Treasury plays a critical role in the strategic capital allocation that supports the Dubai-based shopping mall pioneer, which has operations in 12 markets, and boasted annual revenues of nearly $7bn and assets worth more than $12bn in 2014.
“We’re growing quite fast,” comments Shrimati Damal, Majid Al Futtaim’s Indian-born senior VP and group treasurer. “The company has a goal of doubling in size every five years. This involves expanding into new businesses and geographies. As a treasury function, we derive our goals from these objectives.”
The group, which generates EBITDA of around $1bn, complements its shopping mall operation with hypermarkets that it runs as a franchisee of French retailer Carrefour, as well as ancillary businesses such as hotels, cinemas and other entertainment offerings.
Majid Al Futtaim’s treasury undertakes a wide range of functions. These include cash management, funding, holistic financial risk management, and maintaining bank and credit rating agency relationships.
It also manages the top-down capital allocation for the group. In addition, the task of debt investor relations falls within treasury’s remit. “We look at the debt capacity within our credit rating thresholds and the capex the company can spend in any given year,” Damal explains.
“Based on the strategic priorities, we assist the board and the senior management in deciding where the money should be used.”
Although Majid Al Futtaim is a privately held company (it was founded in 1992 by billionaire Majid Al Futtaim), it has a governance structure of a listed company. It also has conventional and Islamic debt programmes that involve bond issuance and mezzanine finance, as well as a credit rating – BBB, with a stable outlook from both Fitch and Standard & Poor’s.
It’s an interesting time for treasury within the company. We have evolved from being a transactional function to being a strategic function
By its nature, shopping mall development is a capital-intensive business that requires long-term funding and project finance, which keeps Majid Al Futtaim’s treasury team busy.

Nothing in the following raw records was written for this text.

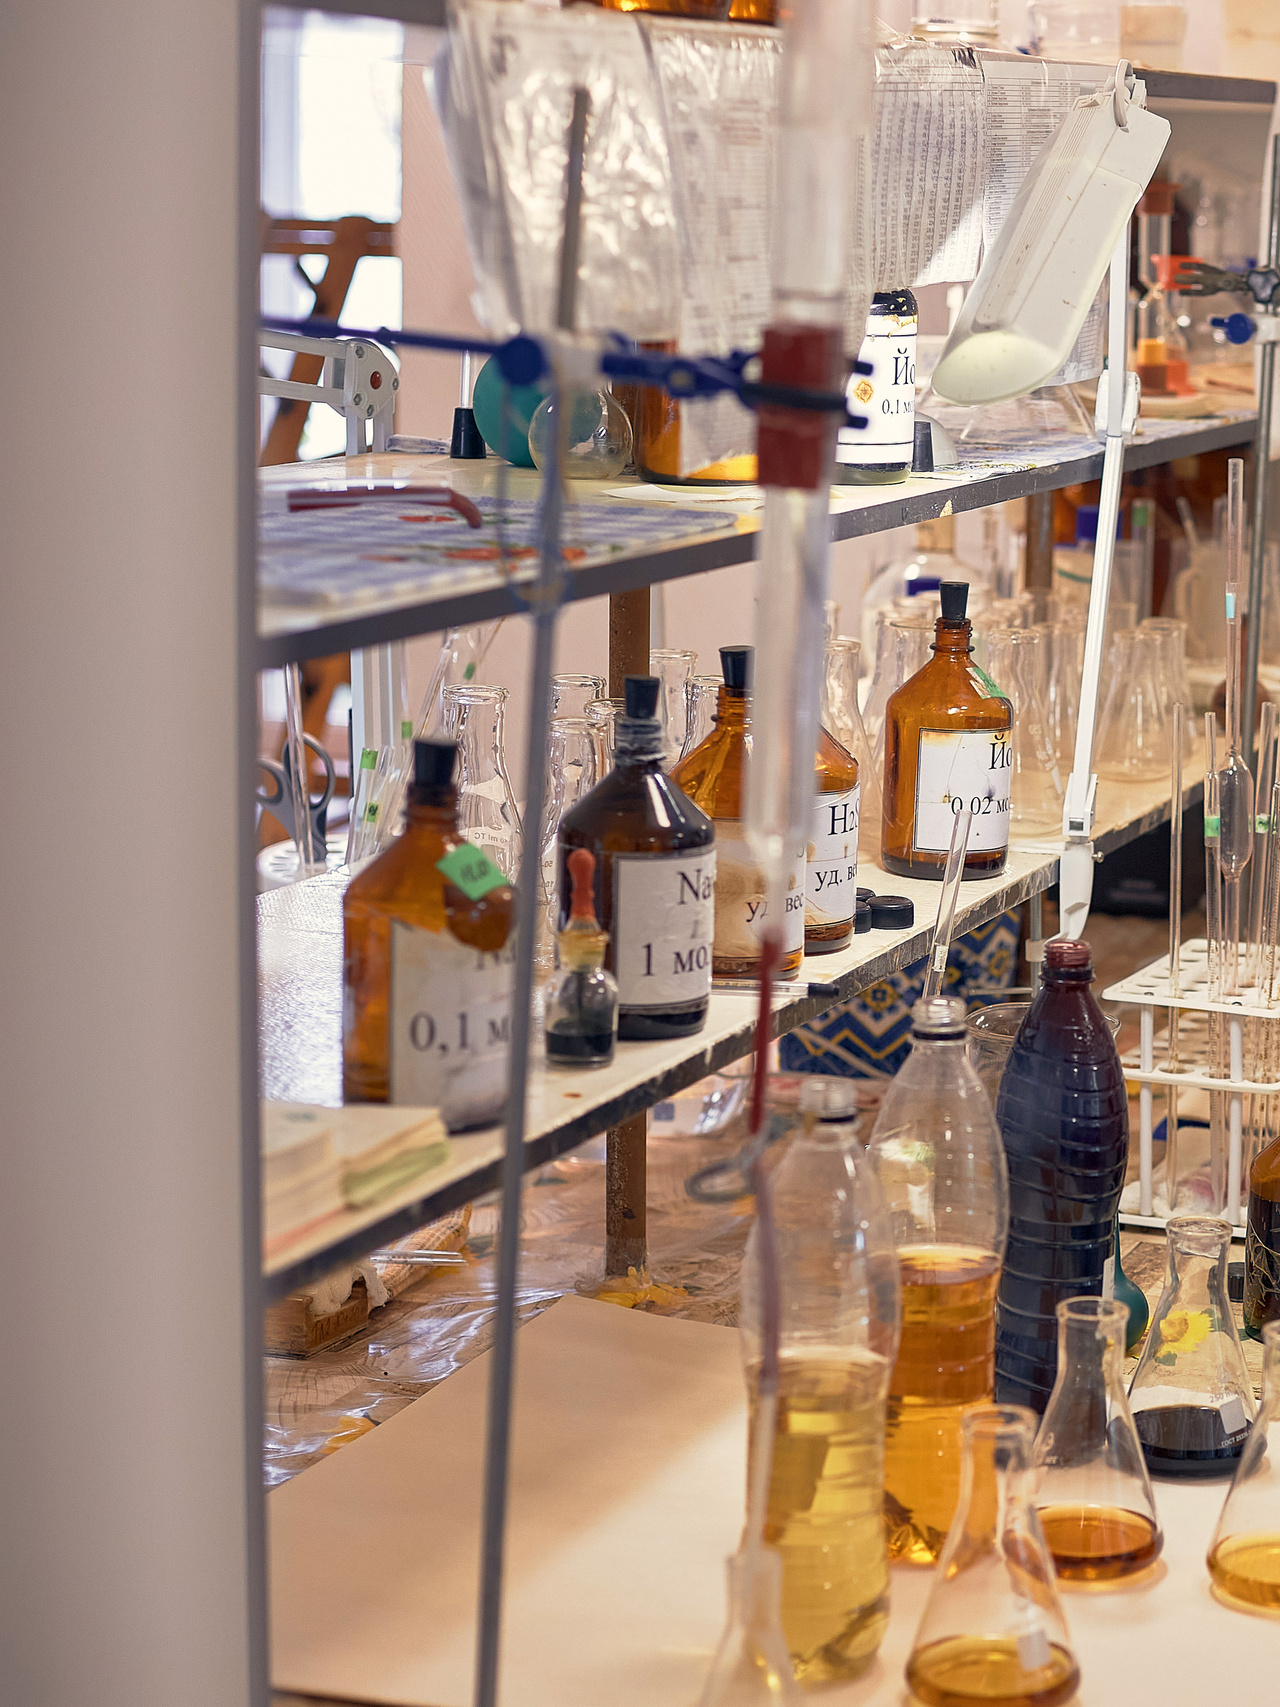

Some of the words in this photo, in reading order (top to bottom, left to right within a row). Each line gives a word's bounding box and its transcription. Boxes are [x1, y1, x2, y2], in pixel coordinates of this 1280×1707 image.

[882, 399, 900, 415] 0,1
[951, 796, 991, 815] 002
[815, 869, 843, 892] уд.
[642, 942, 655, 977] 1
[408, 1010, 470, 1056] 0,1

“Over the past three years, we have worked on investor education,” Damal reveals. “Not just about the company and the business model, but also about the region. This region doesn’t have that many corporate issuers, so building investor awareness has been a really critical area for us.”

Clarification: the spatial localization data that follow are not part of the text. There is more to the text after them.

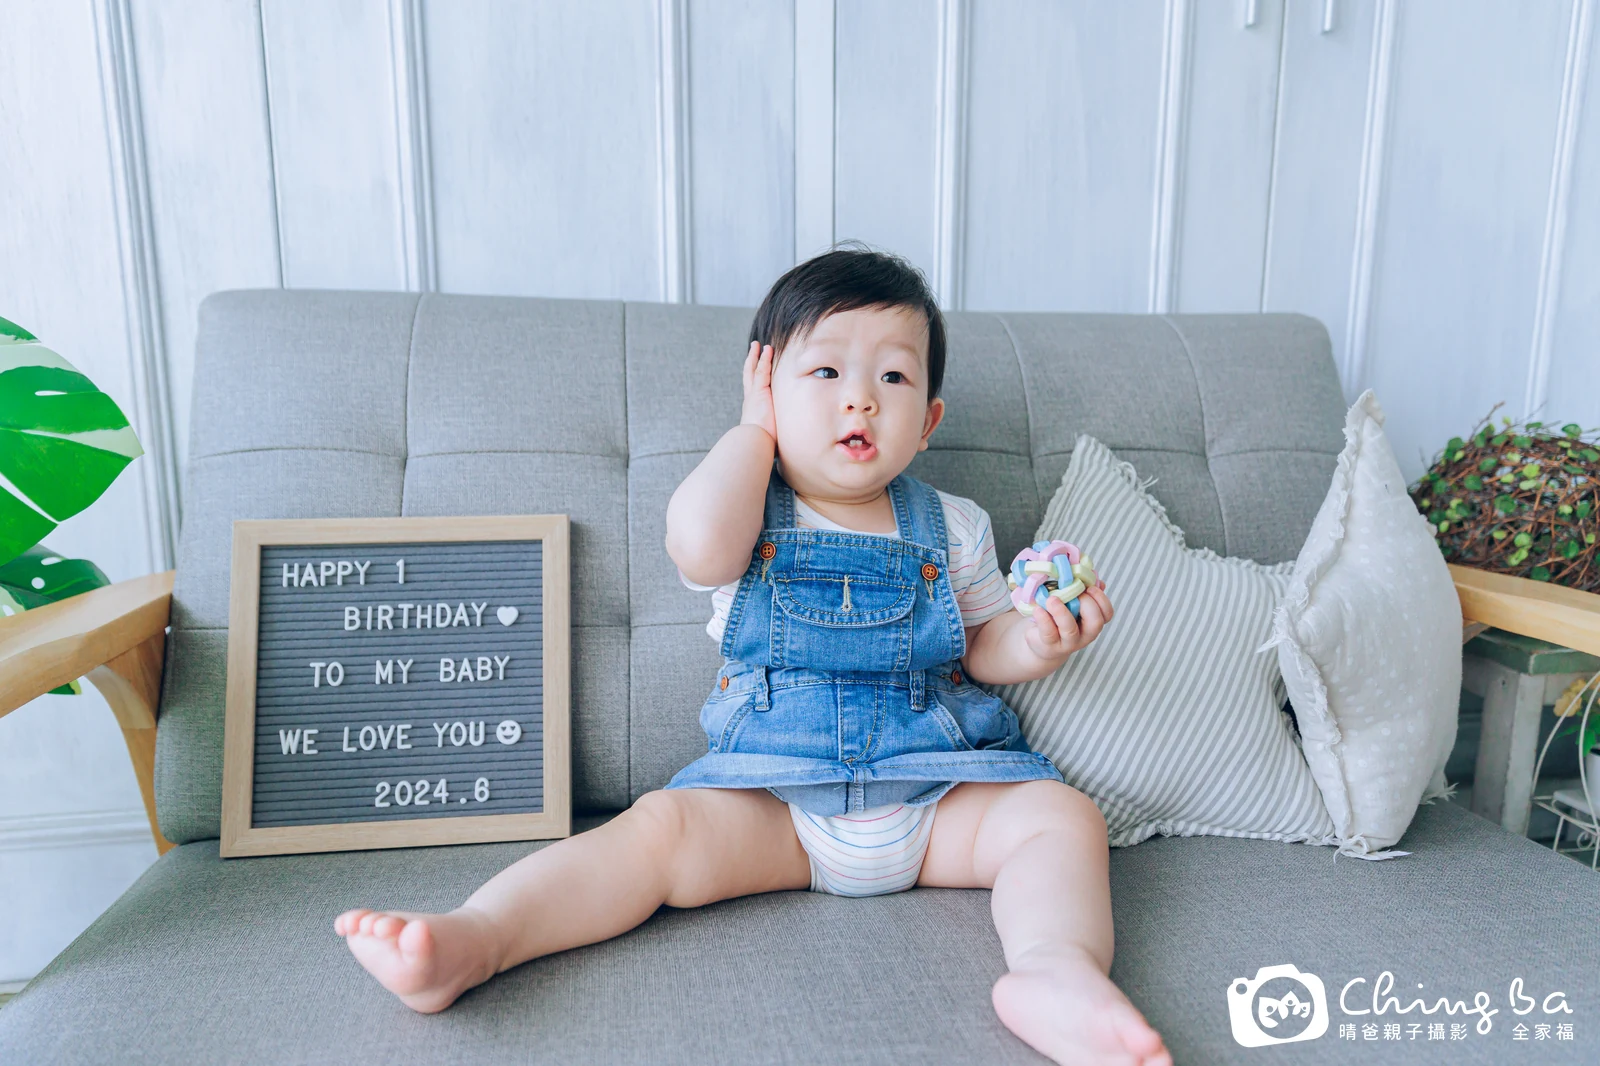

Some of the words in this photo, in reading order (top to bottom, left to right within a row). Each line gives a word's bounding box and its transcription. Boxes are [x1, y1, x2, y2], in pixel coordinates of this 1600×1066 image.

[282, 560, 371, 587] HAPPY
[396, 559, 405, 585] 1
[344, 602, 488, 631] BIRTHDAY
[309, 661, 345, 687] TO
[375, 658, 414, 685] MY
[439, 655, 510, 682] BABY
[279, 728, 319, 755] WE
[342, 724, 413, 753] LOVE
[432, 720, 485, 748] YOU
[374, 777, 490, 807] 2024.6
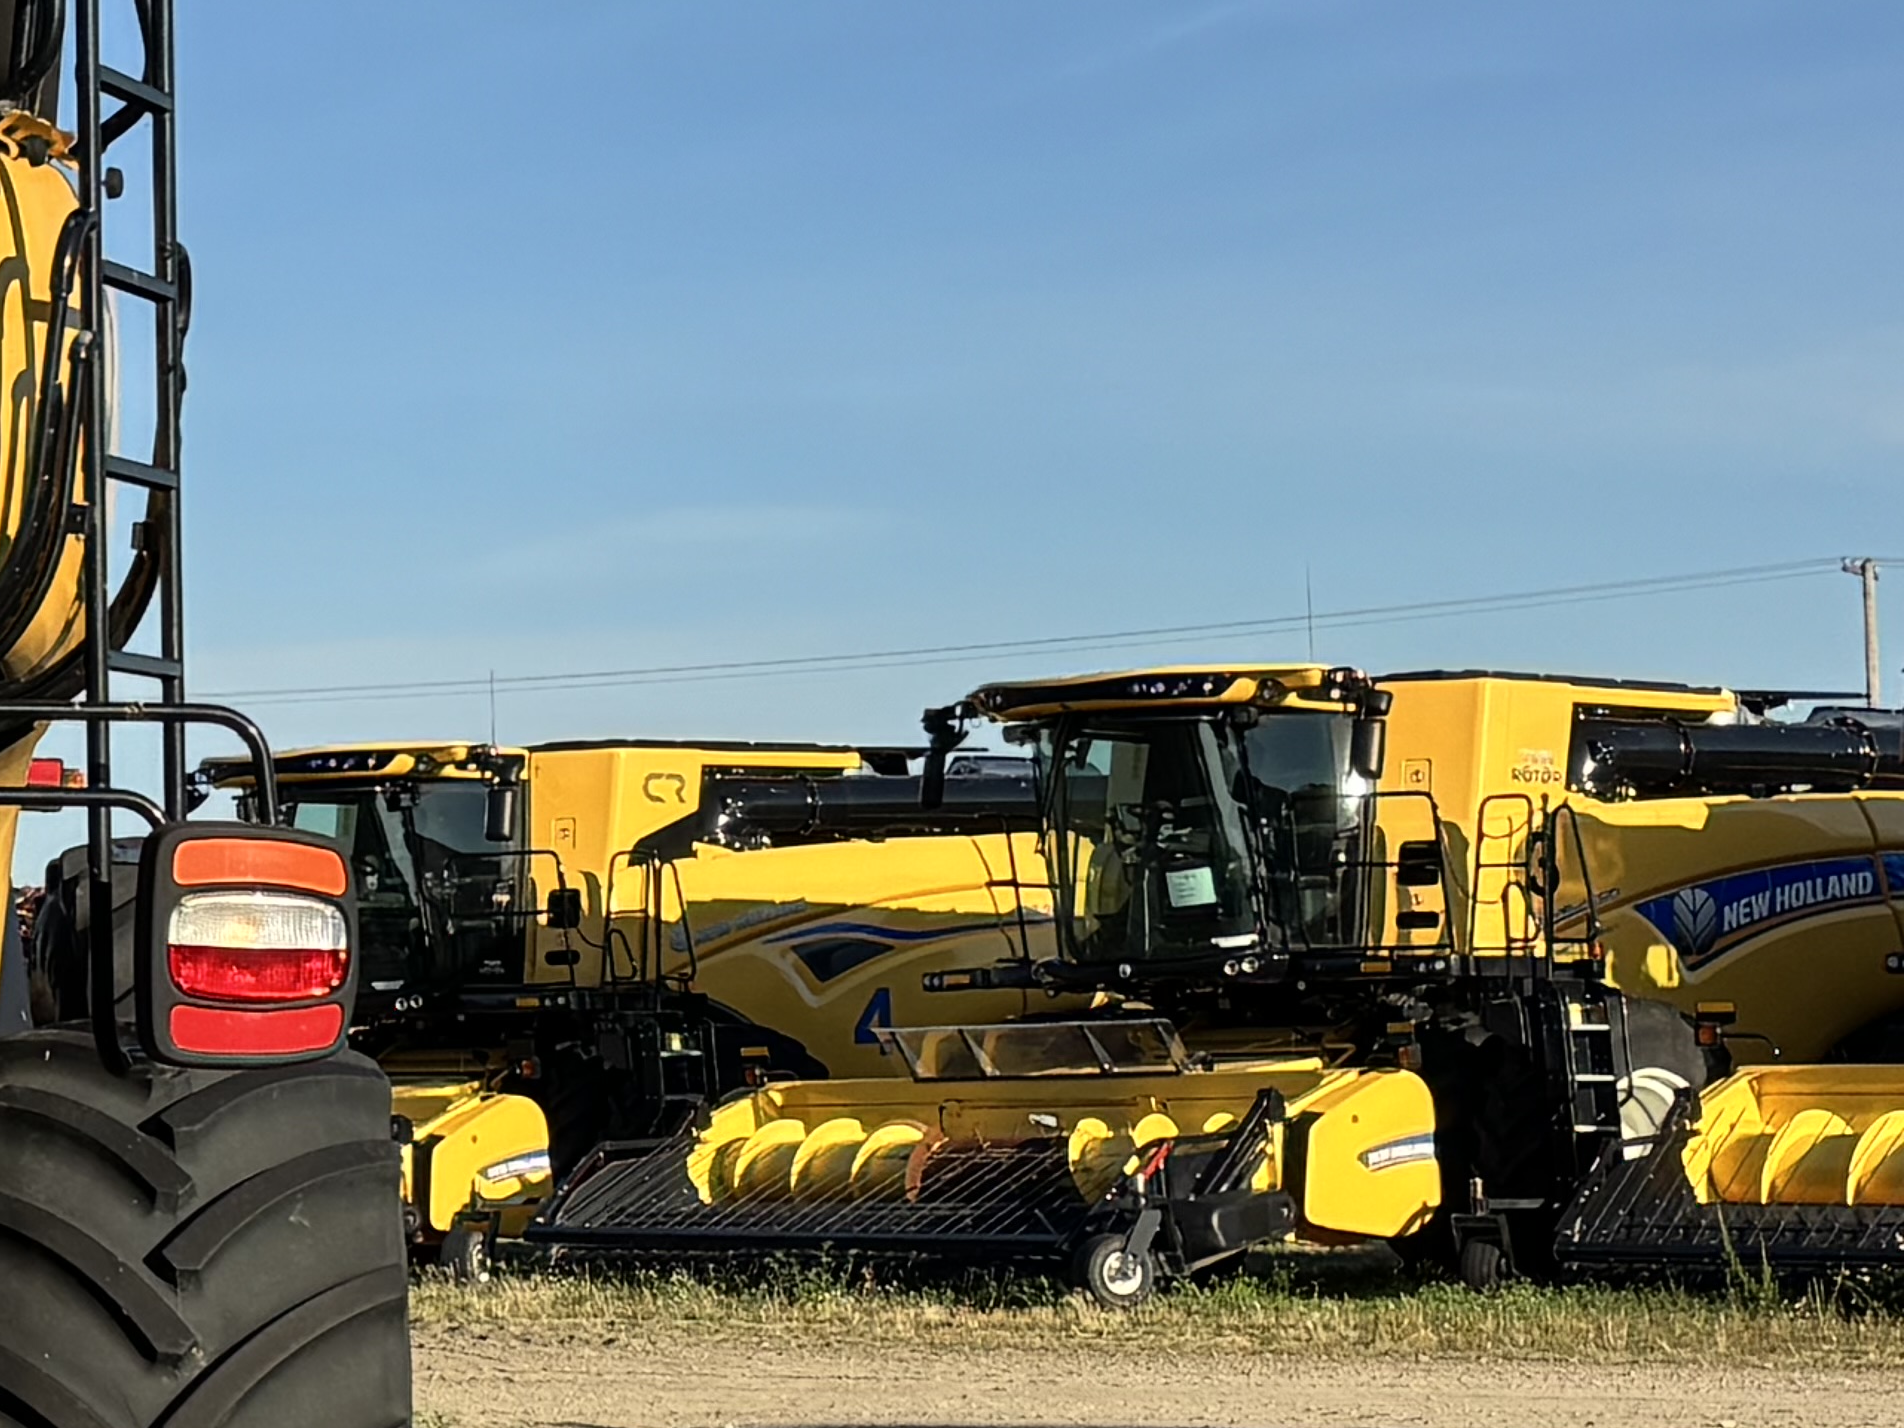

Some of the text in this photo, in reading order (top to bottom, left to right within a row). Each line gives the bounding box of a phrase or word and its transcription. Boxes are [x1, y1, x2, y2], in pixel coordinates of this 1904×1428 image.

[642, 772, 686, 804] CR
[1722, 871, 1874, 932] NEW HOLLAND

Expansion into new markets poses a steady stream of new challenges for Majid Al Futtaim’s treasury. It has to identify and manage the risks associated with these markets, ensure that the bank operations and systems can support the company’s geographic footprint, and source local financing where necessary. It also needs to understand any local capital restrictions and manage the capital structure of the group’s subsidiaries accordingly.
“It’s an interesting time for treasury within the company,” says Damal. “We have evolved from being a transactional function to being a strategic function. Now, the board sees us as key to long-term decision-making.”

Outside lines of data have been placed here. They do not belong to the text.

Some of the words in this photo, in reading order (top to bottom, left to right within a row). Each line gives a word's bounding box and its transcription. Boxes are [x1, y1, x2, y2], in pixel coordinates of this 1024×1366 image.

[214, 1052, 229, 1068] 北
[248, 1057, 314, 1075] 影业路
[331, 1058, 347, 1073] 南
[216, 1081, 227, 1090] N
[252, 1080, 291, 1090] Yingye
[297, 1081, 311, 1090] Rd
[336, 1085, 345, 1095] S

Today, Majid Al Futtaim’s treasury team consists of 10 treasury professionals plus a team assistant. When she’s hiring, Damal looks for individuals who have a positive attitude, drive and commitment to succeed, but she also believes in the value of complementing these personal attributes with professional training.
Two members of the team are studying for the AMCT, and Damal encourages her staff to do extra training when they take on a new role.
Damal herself is CFA-qualified and she also holds an MBA from the Indian Institute of Management. Before she joined Majid Al Futtaim, she worked for fast-moving consumer goods giant Procter & Gamble for 16 years in a variety of finance roles in India, Japan, Europe and the US.
Although she does not have any professional treasury qualifications, she admits that they would have made her life easier. “I had to go through the difficult phase of learning on the job,” she relates. “I covered a lot of corporate finance in my MBA. But the technical aspect of treasury was totally new – and that I had to learn on the job.”
With hindsight, she would have benefited from studying for the ACT’s Certificate in International Cash Management, she says.
Laura Ford, Majid Al Futtaim’s senior treasury manager, was born in Wales and grew up in South Africa. She joined Majid Al Futtaim in 2008 as she saw it as an “exciting opportunity to get in on the ground floor” of a new treasury function.
A year later, she took the ACT’s Certificate in International Treasury Management (CertITM) because she believed that it would be relevant to her day-to-day work. “It introduced me to new concepts, especially within the area of corporate finance.”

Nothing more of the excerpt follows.